Is it right to give North Korea humanitarian aid?

Should countries that abhor North Korea’s system respond to appeals for food aid to keep its people from starving? 

First, donors are denied the ability to make sure the aid gets to needy civilians. Much of it in fact is siphoned off by officials who eat it themselves, supply it to the military or sell it to market traders. Second, the regime has the effrontery to use the aid, judo-style, as a political weapon. It boasts in its internal propaganda that enemy countries give not out of charity but because the brilliant “general,” dictator Kim Jong Il, by turning North Korean into a nuclear armed, ferociously war-ready country, has frightened them into paying tribute.
A reporter who had covered North Korea for years was asked whether foreigners should provide food aid, even though much of it would be diverted. Yes, he said — because every bit of aid increases the country’s overall food supply and tends to bring down the price that civilians must pay in the markets.
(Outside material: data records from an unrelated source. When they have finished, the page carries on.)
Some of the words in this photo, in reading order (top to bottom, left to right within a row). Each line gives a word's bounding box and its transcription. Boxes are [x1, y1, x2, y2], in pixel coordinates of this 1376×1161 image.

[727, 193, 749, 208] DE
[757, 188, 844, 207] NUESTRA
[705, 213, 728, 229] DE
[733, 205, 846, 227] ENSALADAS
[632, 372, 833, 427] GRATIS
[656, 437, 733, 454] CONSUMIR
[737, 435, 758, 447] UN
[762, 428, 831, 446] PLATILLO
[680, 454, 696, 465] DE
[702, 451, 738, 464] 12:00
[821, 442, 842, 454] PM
A young North Korean woman he had videotaped last year died later in the same year. “Kim filmed that footage in June, 2010. Kim had a chance to visit the same location in November and found out that she died of hunger there.” The woman was a victim of the regime’s North Korea’s disastrous currency redenomination of late 2009 “Business and distribution suddenly stopped. Her parents had to sell their house and the family became homeless. The parents had died of starvation before the daughter.”
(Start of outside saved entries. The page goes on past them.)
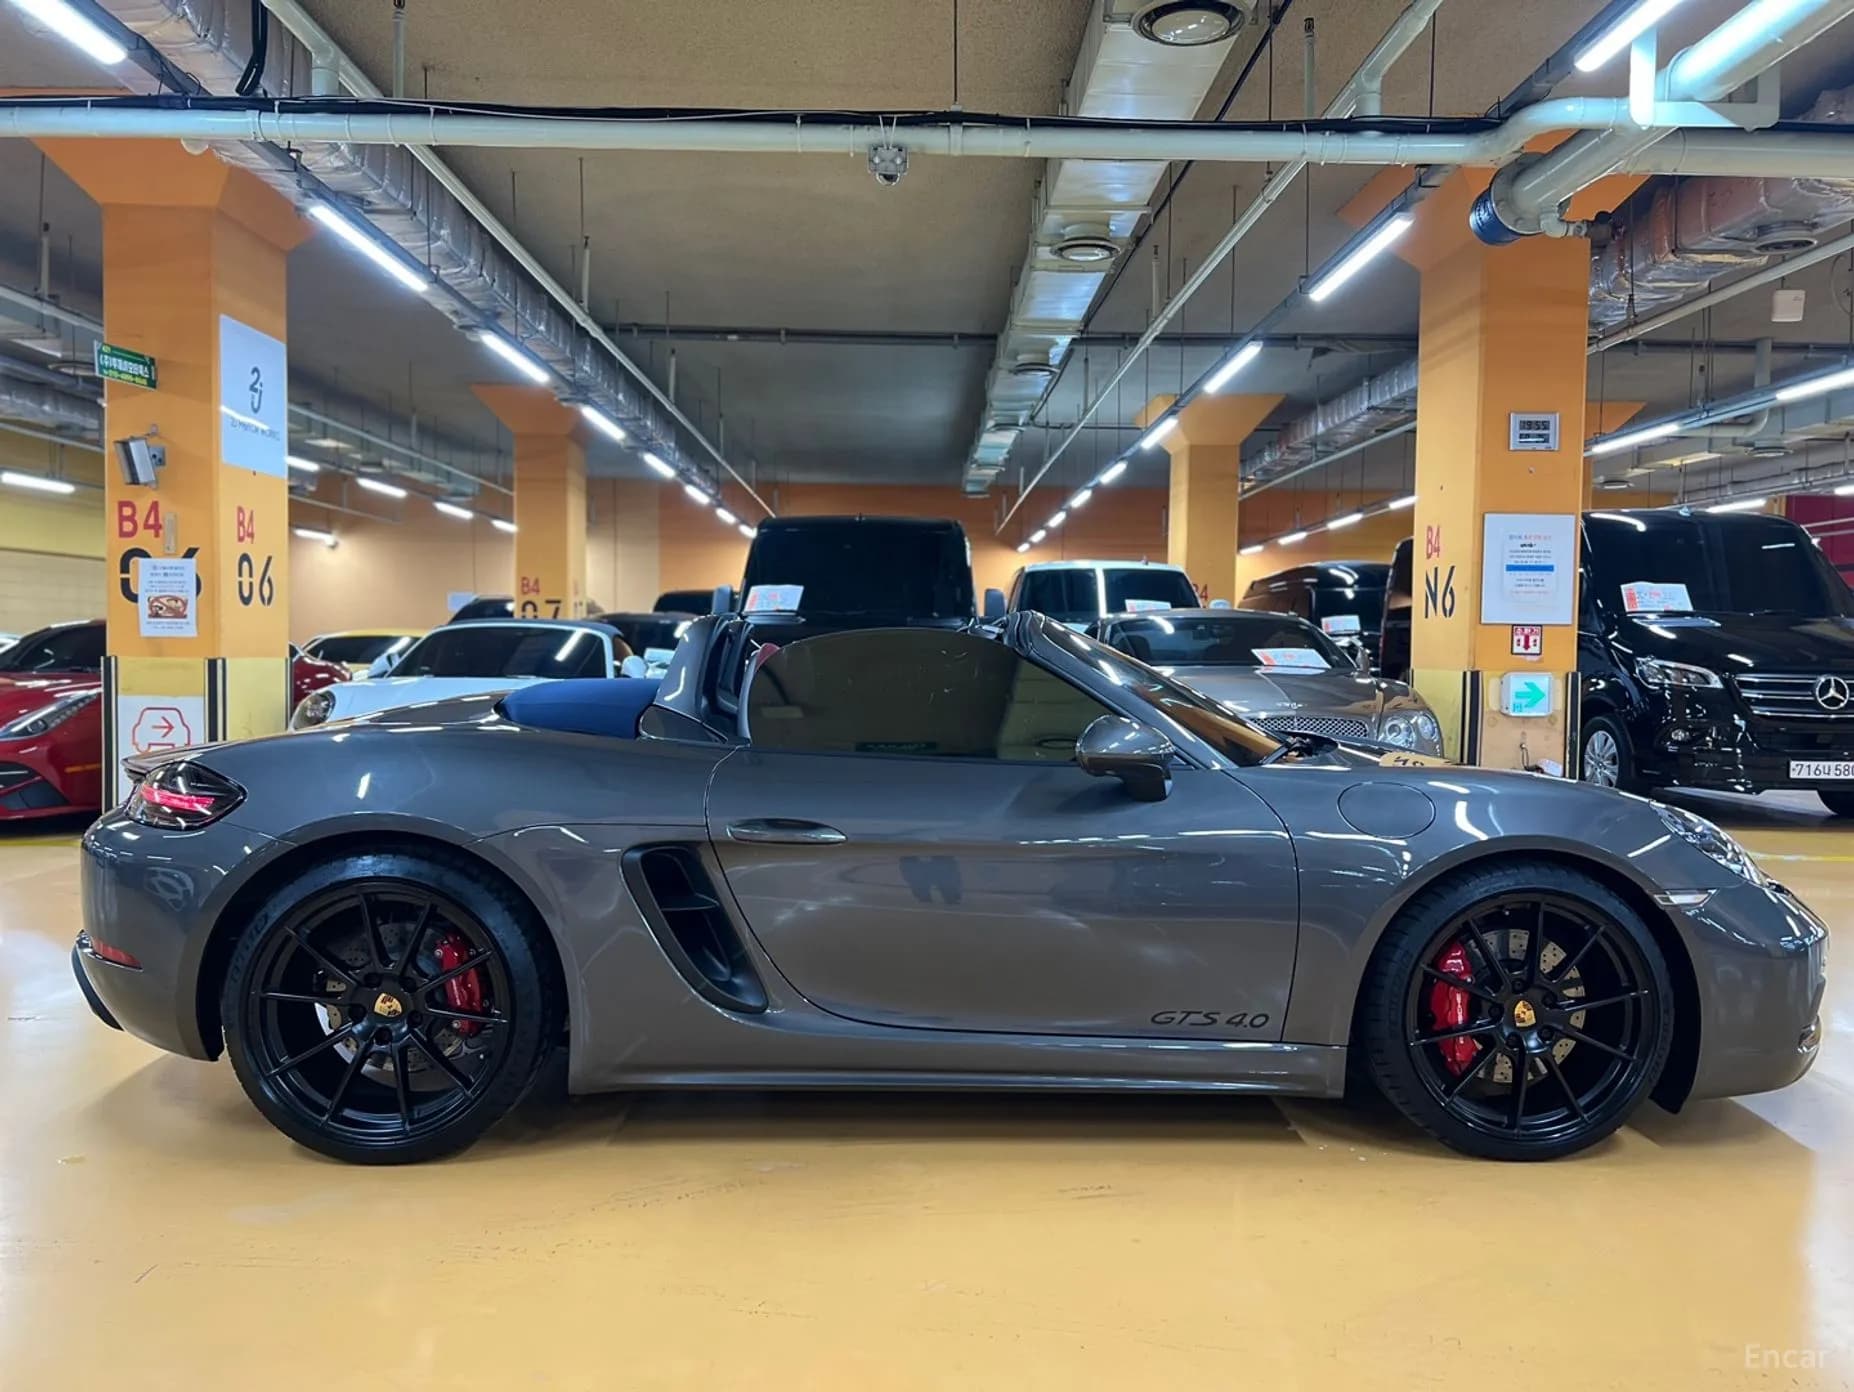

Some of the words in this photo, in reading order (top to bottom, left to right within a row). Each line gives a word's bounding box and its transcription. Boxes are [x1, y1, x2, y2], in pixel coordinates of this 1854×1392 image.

[118, 500, 163, 538] B4
[237, 506, 255, 544] B4
[1426, 525, 1441, 560] B4
[238, 553, 274, 606] 06
[521, 576, 540, 595] B4
[1425, 565, 1456, 618] N6
[1150, 1010, 1220, 1026] GTS
[1225, 1012, 1270, 1028] 4.0
The same reporter has recently spoken with an officer in Kim Jong Il’s elite bodyguard service, who said even he and his men were getting only 300 grams of grain each per day, less than half the former rationing standard of 800 grams for uniformed personnel. “It suggests that the government does not have enough foreign currency even to buy enough food for its soldiers,” he said. 

Reporters have said that “even in the capital, Pyongyang, the situation is deteriorating, as shown by worsening electricity shortages. Although food is available at public markets, it’s expensive. Fear is spreading among the people about what will happen come spring, the most difficult time of the year,” when much of the harvest will have been used up.

So there are valid reasons to consider charity.